[Free-text object descriptions]
=== Section Start ===
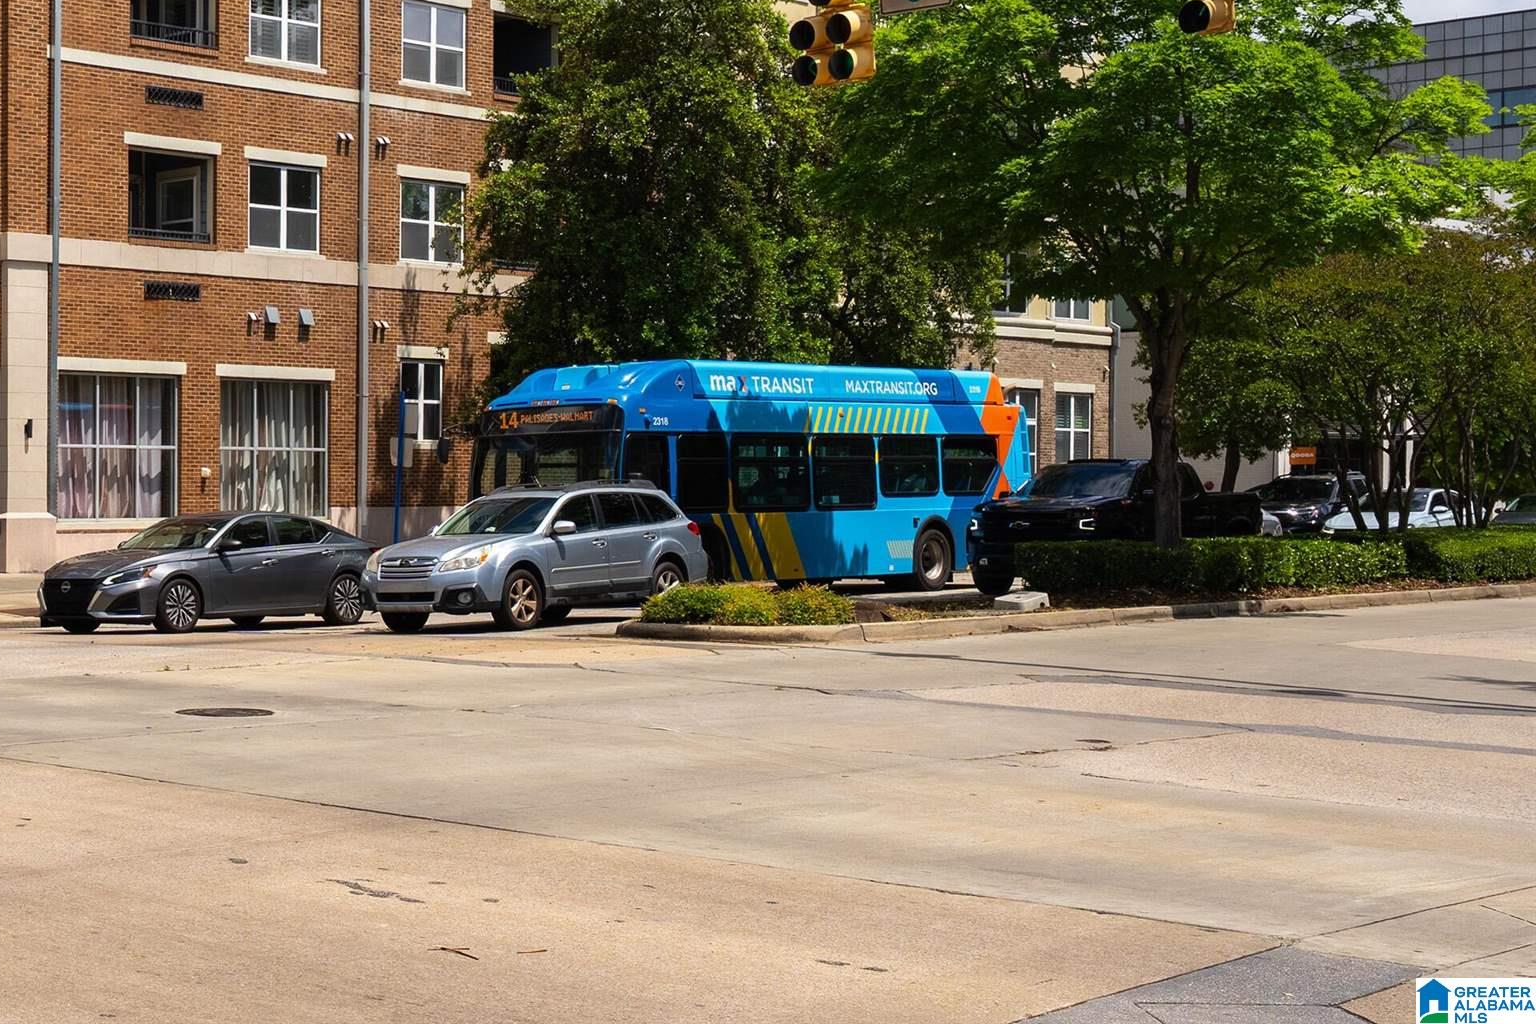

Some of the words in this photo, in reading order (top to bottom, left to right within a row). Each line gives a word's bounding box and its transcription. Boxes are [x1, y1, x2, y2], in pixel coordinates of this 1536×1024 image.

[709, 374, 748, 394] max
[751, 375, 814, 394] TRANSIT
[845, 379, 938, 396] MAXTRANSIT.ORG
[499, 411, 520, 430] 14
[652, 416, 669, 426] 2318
=== Section End ===
* **What is being asked**: Set the entries down again exactly. Do not include the images.

* **Response to the task**:
Some of the words in this photo, in reading order (top to bottom, left to right within a row). Each line gives a word's bounding box and its transcription. Boxes are [x1, y1, x2, y2], in pixel coordinates of this 1536×1024 image.

[709, 374, 748, 394] max
[751, 375, 814, 394] TRANSIT
[845, 379, 938, 396] MAXTRANSIT.ORG
[499, 411, 520, 430] 14
[652, 416, 669, 426] 2318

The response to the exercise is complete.